Problem description:
Return all entries verbatim; skip any pictures.

Materials provided:
━━━━━━━━━━
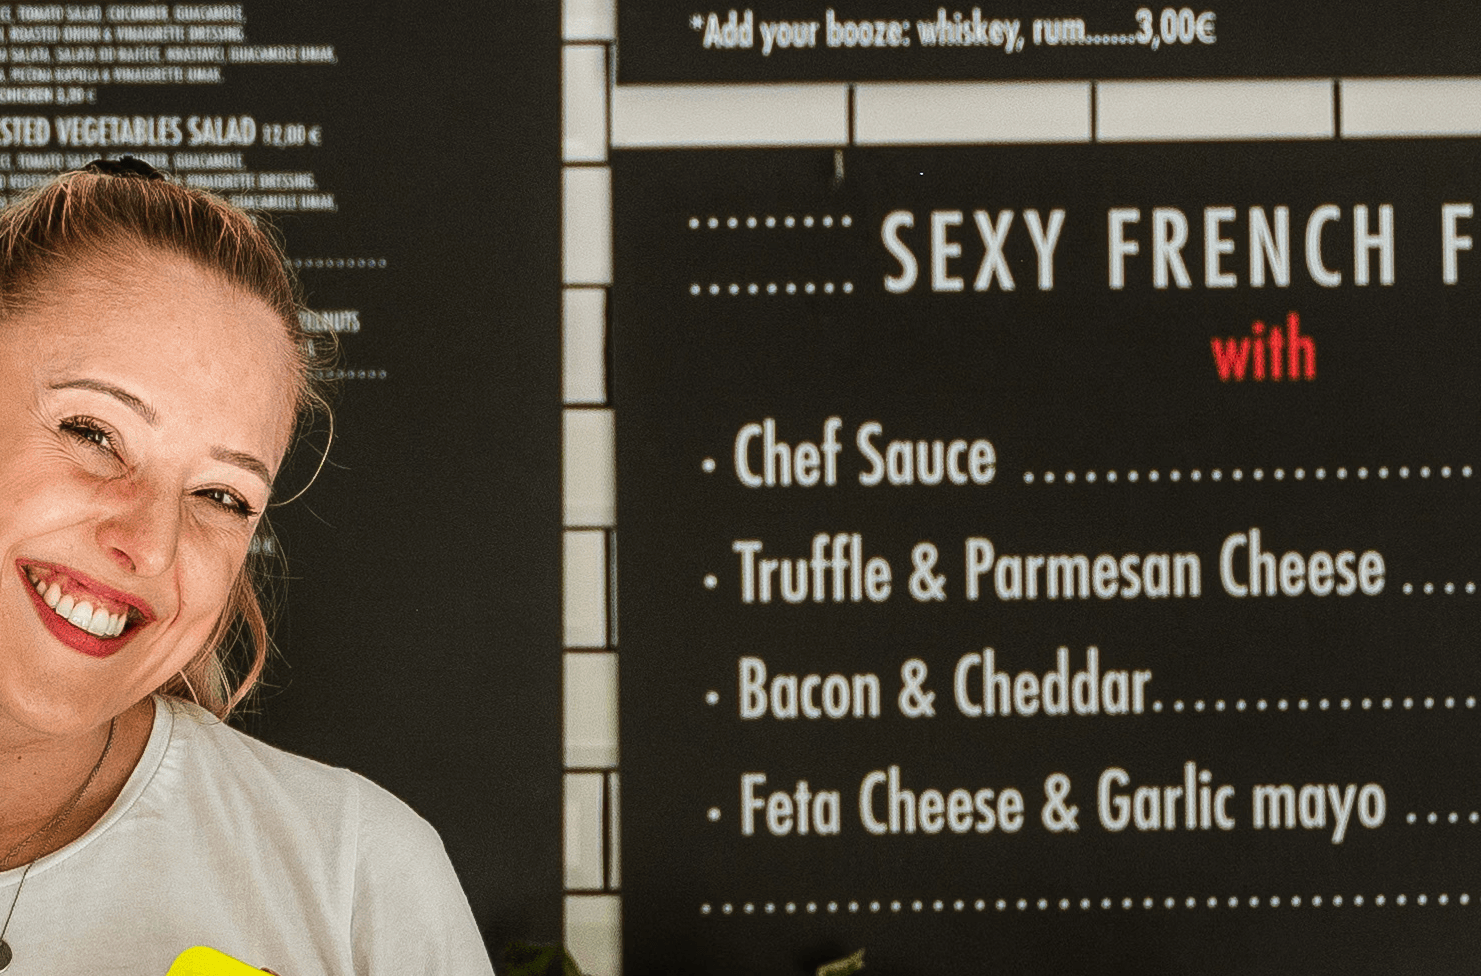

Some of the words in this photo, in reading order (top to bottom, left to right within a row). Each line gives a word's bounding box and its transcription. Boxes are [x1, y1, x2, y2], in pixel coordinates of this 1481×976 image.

[760, 23, 820, 57] your
[827, 10, 911, 48] booze:
[918, 9, 1026, 54] whiskey,
[56, 116, 182, 146] VEGETABLES
[188, 116, 257, 146] SALAD
[882, 210, 1066, 294] SEXY
[1109, 205, 1395, 290] FRENCH
[1212, 313, 1317, 382] with
[735, 418, 843, 488] Chef
[858, 423, 997, 487] Sauce
[734, 534, 893, 604] Truffle
[910, 544, 947, 602] &
[967, 538, 1202, 601] Parmesan
[1221, 529, 1386, 598] Cheese
[740, 658, 881, 720] Bacon
[899, 660, 936, 718] &
[742, 774, 841, 836] Feta
[860, 766, 1025, 835] Cheese
[1043, 774, 1079, 833] &
[1099, 762, 1236, 832] Garlic
[1254, 785, 1387, 844] mayo
━━━━━━━━━━
Answer to this task:
Some of the words in this photo, in reading order (top to bottom, left to right within a row). Each line gives a word's bounding box and its transcription. Boxes are [x1, y1, x2, y2], in pixel coordinates of this 1481×976 image.

[760, 23, 820, 57] your
[827, 10, 911, 48] booze:
[918, 9, 1026, 54] whiskey,
[56, 116, 182, 146] VEGETABLES
[188, 116, 257, 146] SALAD
[882, 210, 1066, 294] SEXY
[1109, 205, 1395, 290] FRENCH
[1212, 313, 1317, 382] with
[735, 418, 843, 488] Chef
[858, 423, 997, 487] Sauce
[734, 534, 893, 604] Truffle
[910, 544, 947, 602] &
[967, 538, 1202, 601] Parmesan
[1221, 529, 1386, 598] Cheese
[740, 658, 881, 720] Bacon
[899, 660, 936, 718] &
[742, 774, 841, 836] Feta
[860, 766, 1025, 835] Cheese
[1043, 774, 1079, 833] &
[1099, 762, 1236, 832] Garlic
[1254, 785, 1387, 844] mayo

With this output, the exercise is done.